- [Exercise requirements]:
Restate each entry exactly, without pictures.

-.-.-

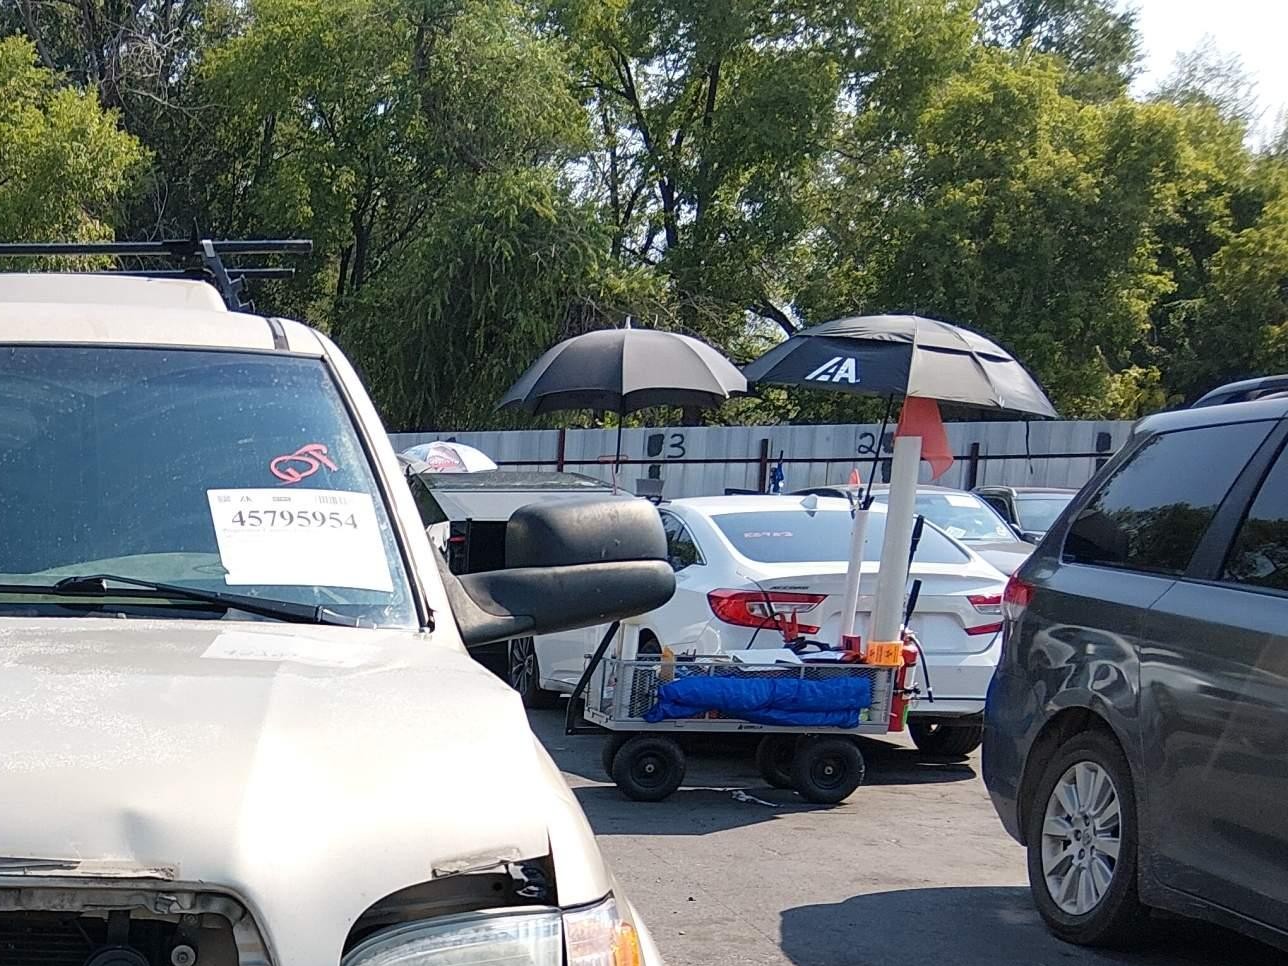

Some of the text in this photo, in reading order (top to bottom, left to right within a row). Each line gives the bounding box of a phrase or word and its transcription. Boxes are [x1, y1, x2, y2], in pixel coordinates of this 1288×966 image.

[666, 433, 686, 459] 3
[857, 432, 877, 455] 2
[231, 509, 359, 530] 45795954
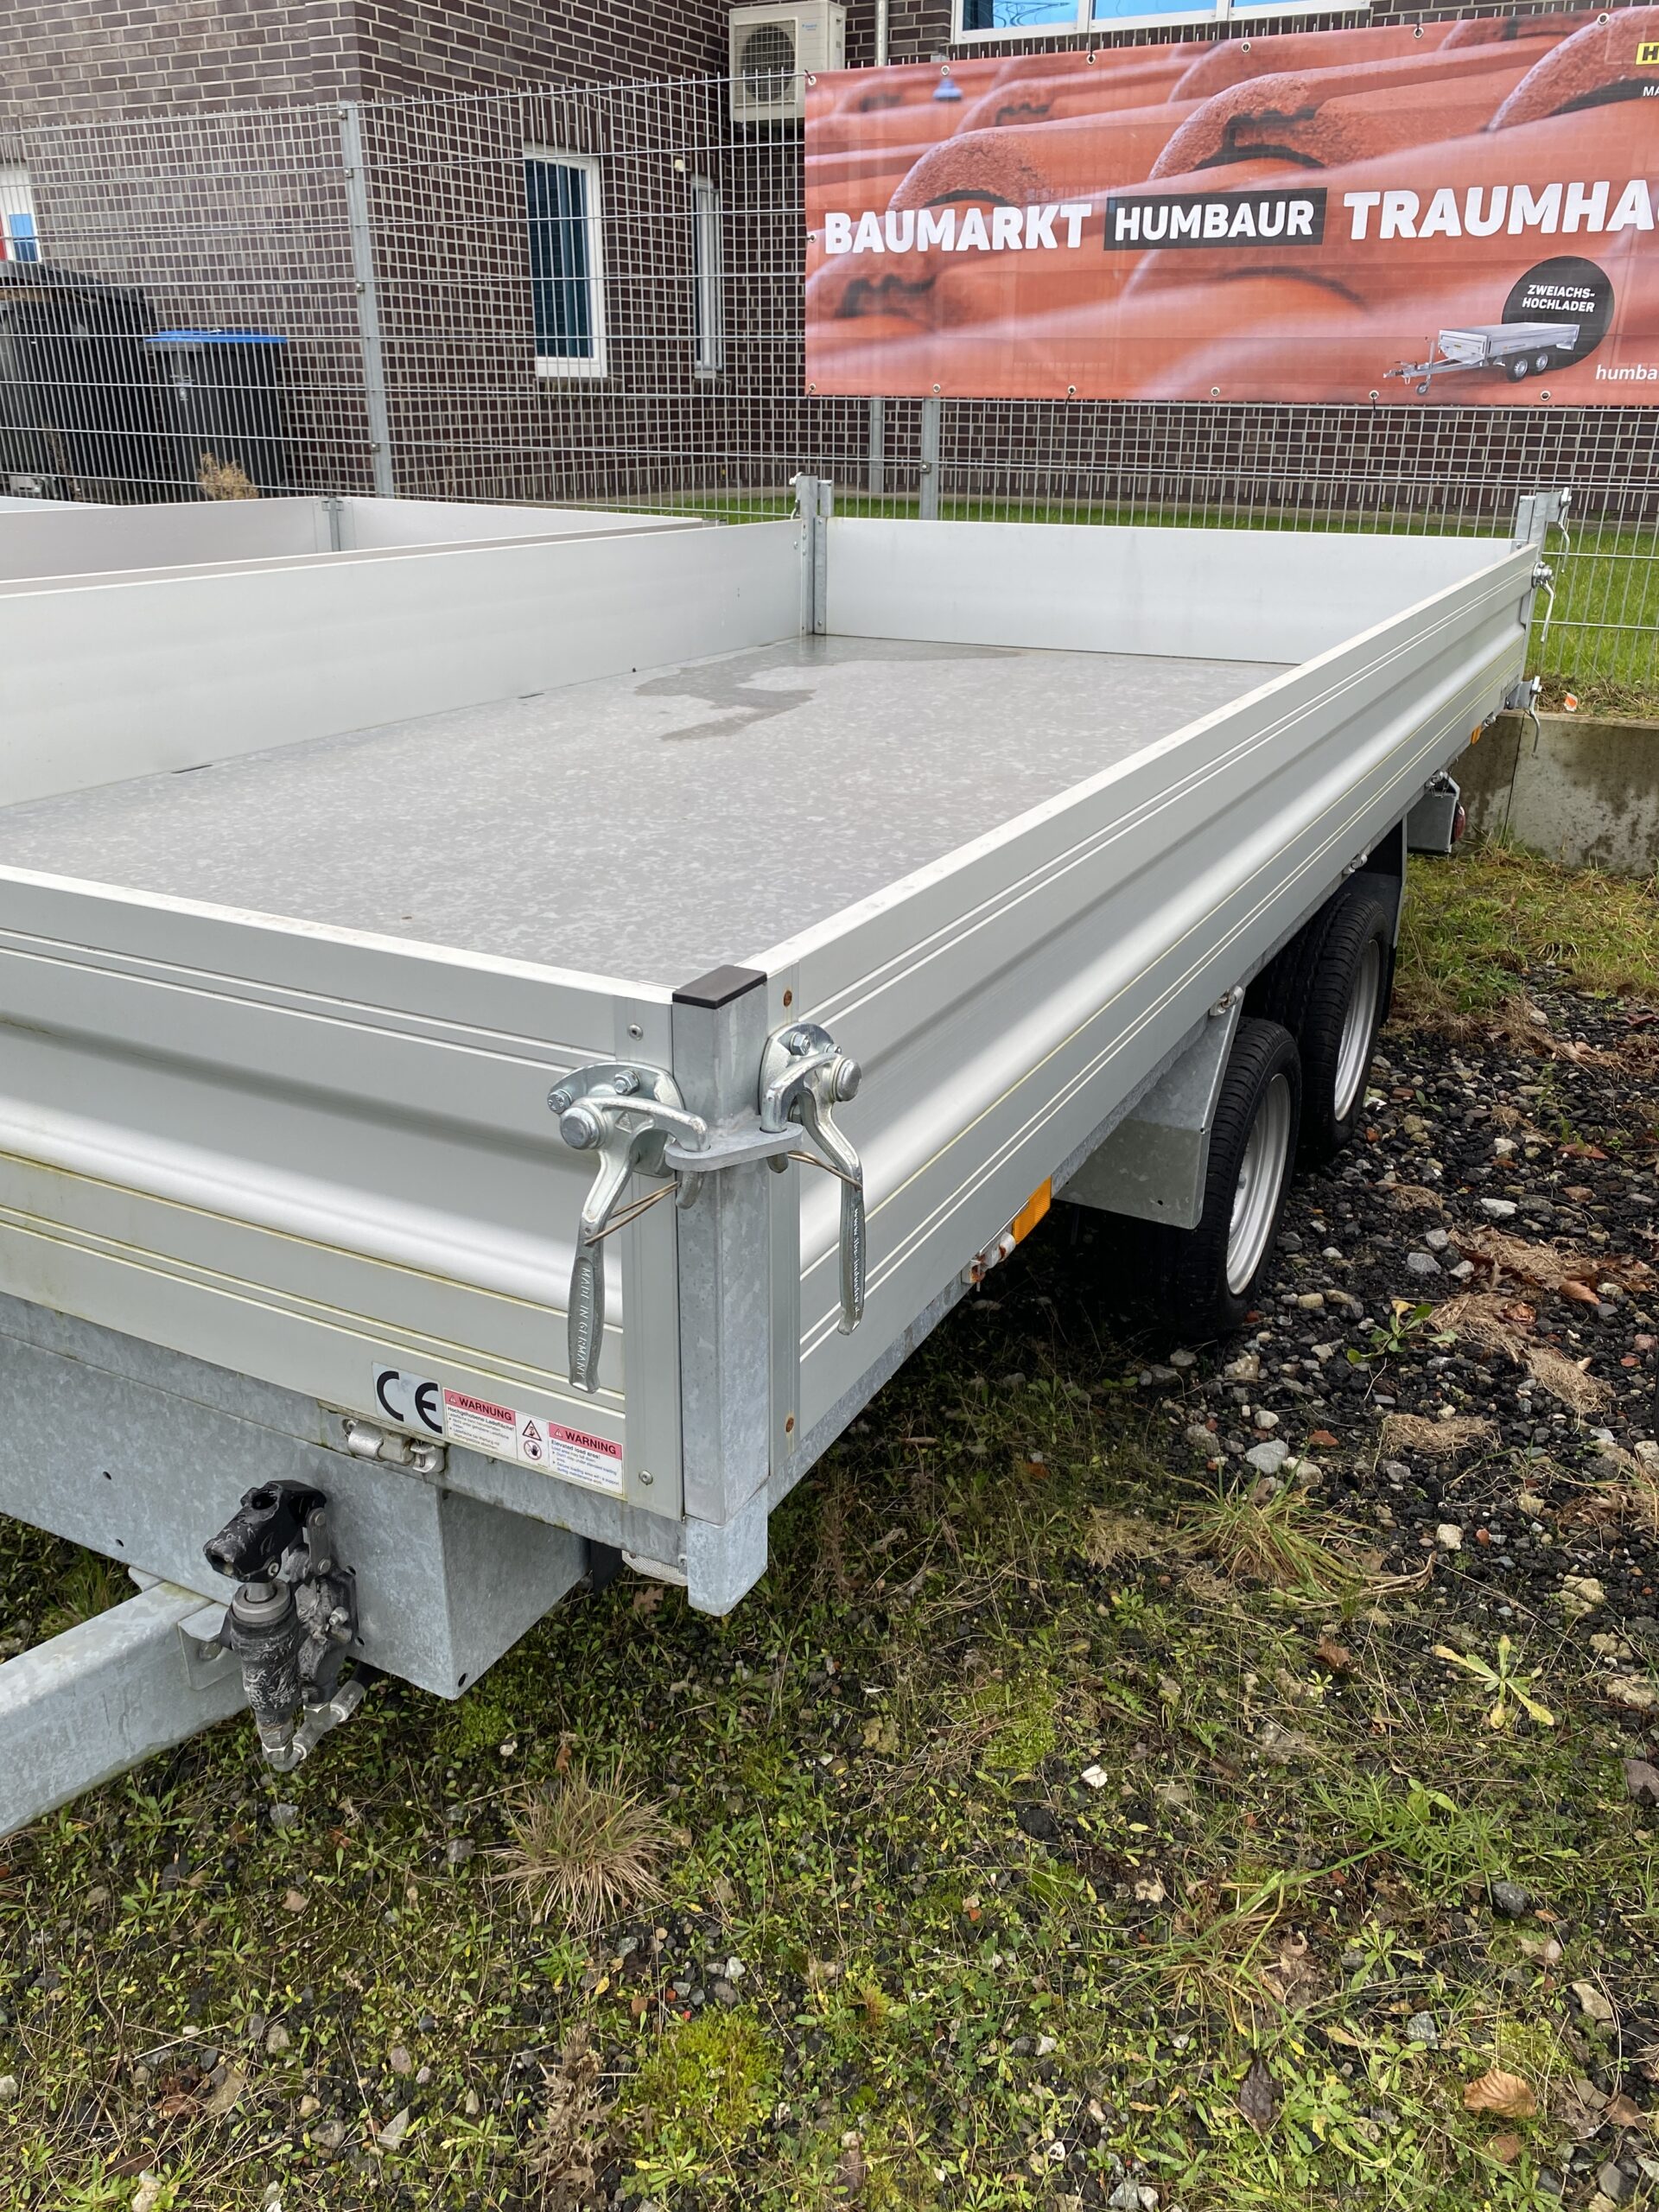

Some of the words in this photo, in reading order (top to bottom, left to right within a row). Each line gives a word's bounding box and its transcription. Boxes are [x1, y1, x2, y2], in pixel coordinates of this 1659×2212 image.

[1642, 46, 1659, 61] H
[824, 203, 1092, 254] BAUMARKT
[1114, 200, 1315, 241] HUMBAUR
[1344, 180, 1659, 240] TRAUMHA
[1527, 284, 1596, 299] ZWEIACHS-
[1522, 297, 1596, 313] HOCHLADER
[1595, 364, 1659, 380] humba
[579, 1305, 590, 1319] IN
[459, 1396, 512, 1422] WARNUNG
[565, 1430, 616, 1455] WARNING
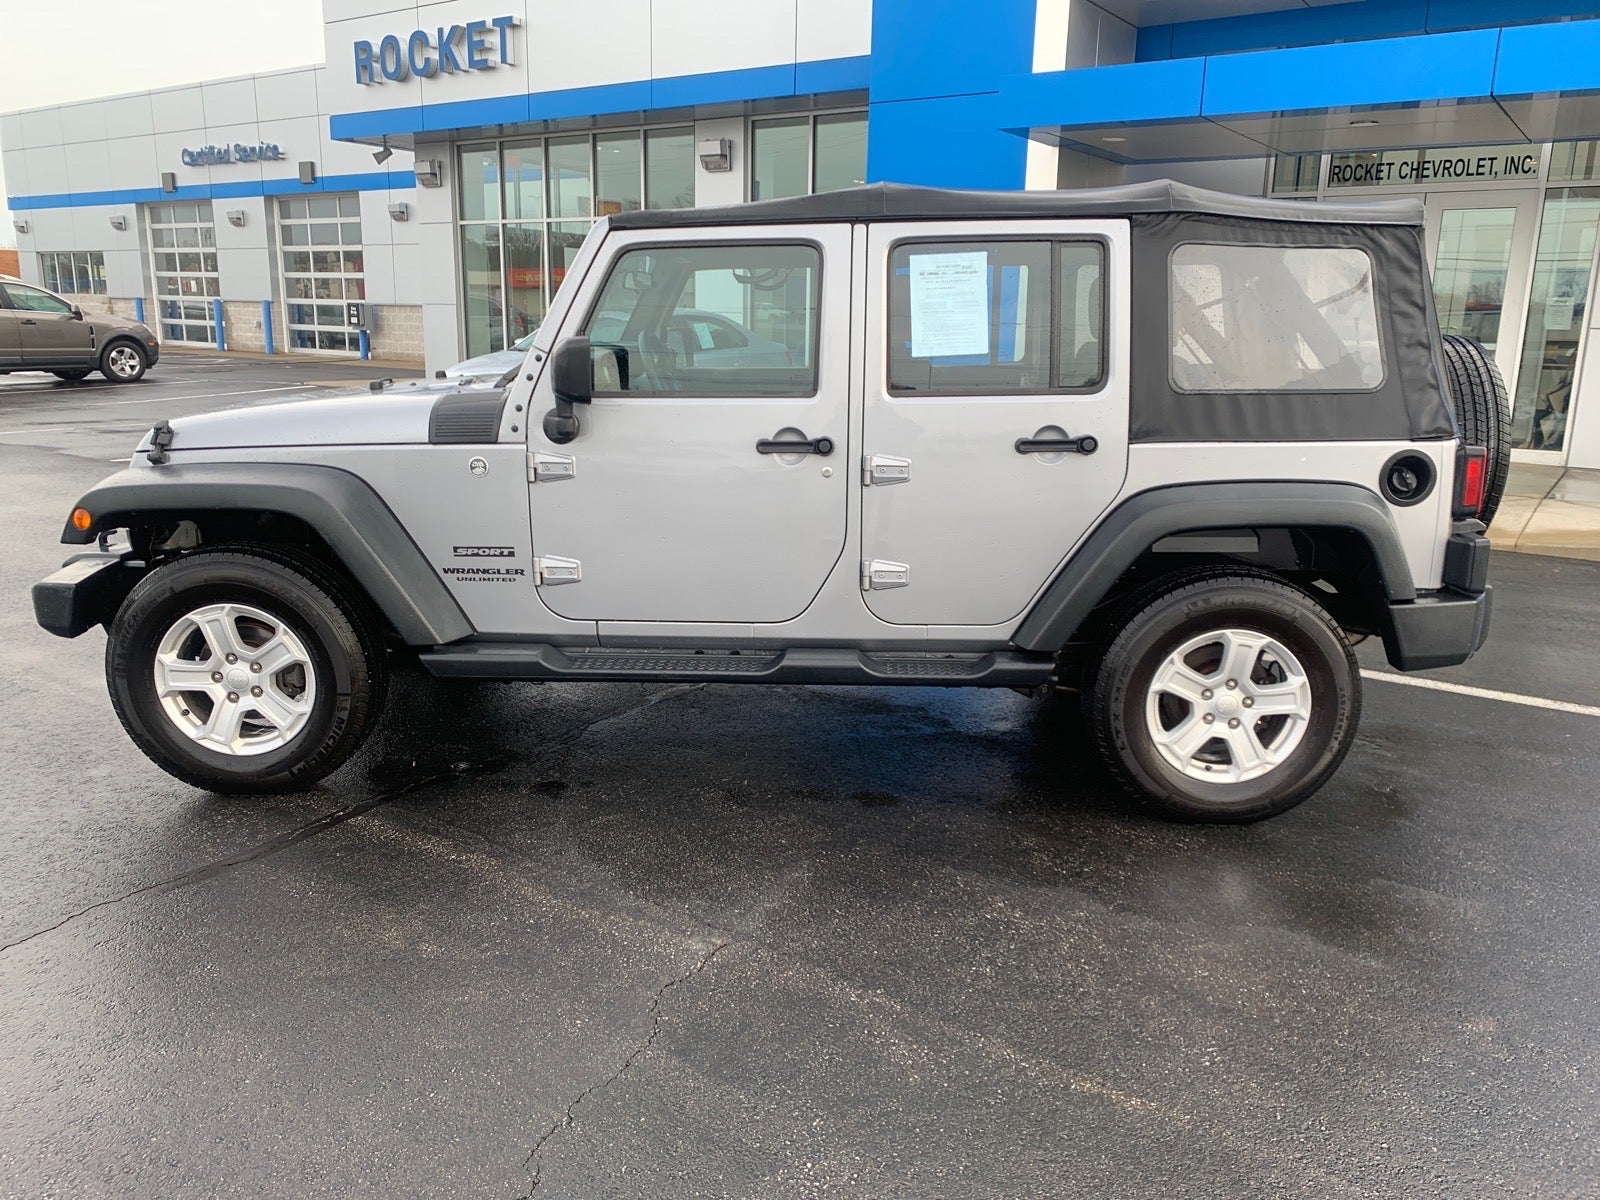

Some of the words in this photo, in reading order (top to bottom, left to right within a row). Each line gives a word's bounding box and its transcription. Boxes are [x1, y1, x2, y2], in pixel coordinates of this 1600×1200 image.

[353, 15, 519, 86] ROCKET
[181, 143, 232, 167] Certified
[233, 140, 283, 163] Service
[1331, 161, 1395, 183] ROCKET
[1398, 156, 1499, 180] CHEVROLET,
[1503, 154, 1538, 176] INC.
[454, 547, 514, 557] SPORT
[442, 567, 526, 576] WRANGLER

-.-.-

- [Task solution]:
Some of the text in this photo, in reading order (top to bottom, left to right within a row). Each line gives the bounding box of a phrase or word and its transcription. Boxes are [x1, y1, x2, y2], in pixel coordinates of this 1288×966 image.

[666, 433, 686, 459] 3
[857, 432, 877, 455] 2
[231, 509, 359, 530] 45795954

Some of the words in this photo, in reading order (top to bottom, left to right within a row). Each line gives a word's bounding box and its transcription. Boxes are [x1, y1, x2, y2], in pixel coordinates of this 1659×2212 image.

[1642, 46, 1659, 61] H
[824, 203, 1092, 254] BAUMARKT
[1114, 200, 1315, 241] HUMBAUR
[1344, 180, 1659, 240] TRAUMHA
[1527, 284, 1596, 299] ZWEIACHS-
[1522, 297, 1596, 313] HOCHLADER
[1595, 364, 1659, 380] humba
[579, 1305, 590, 1319] IN
[459, 1396, 512, 1422] WARNUNG
[565, 1430, 616, 1455] WARNING

Some of the words in this photo, in reading order (top to bottom, left to right within a row). Each line gives a word's bounding box and its transcription. Boxes are [x1, y1, x2, y2], in pixel coordinates of this 1600×1200 image.

[353, 15, 519, 86] ROCKET
[181, 143, 232, 167] Certified
[233, 140, 283, 163] Service
[1331, 161, 1395, 183] ROCKET
[1398, 156, 1499, 180] CHEVROLET,
[1503, 154, 1538, 176] INC.
[454, 547, 514, 557] SPORT
[442, 567, 526, 576] WRANGLER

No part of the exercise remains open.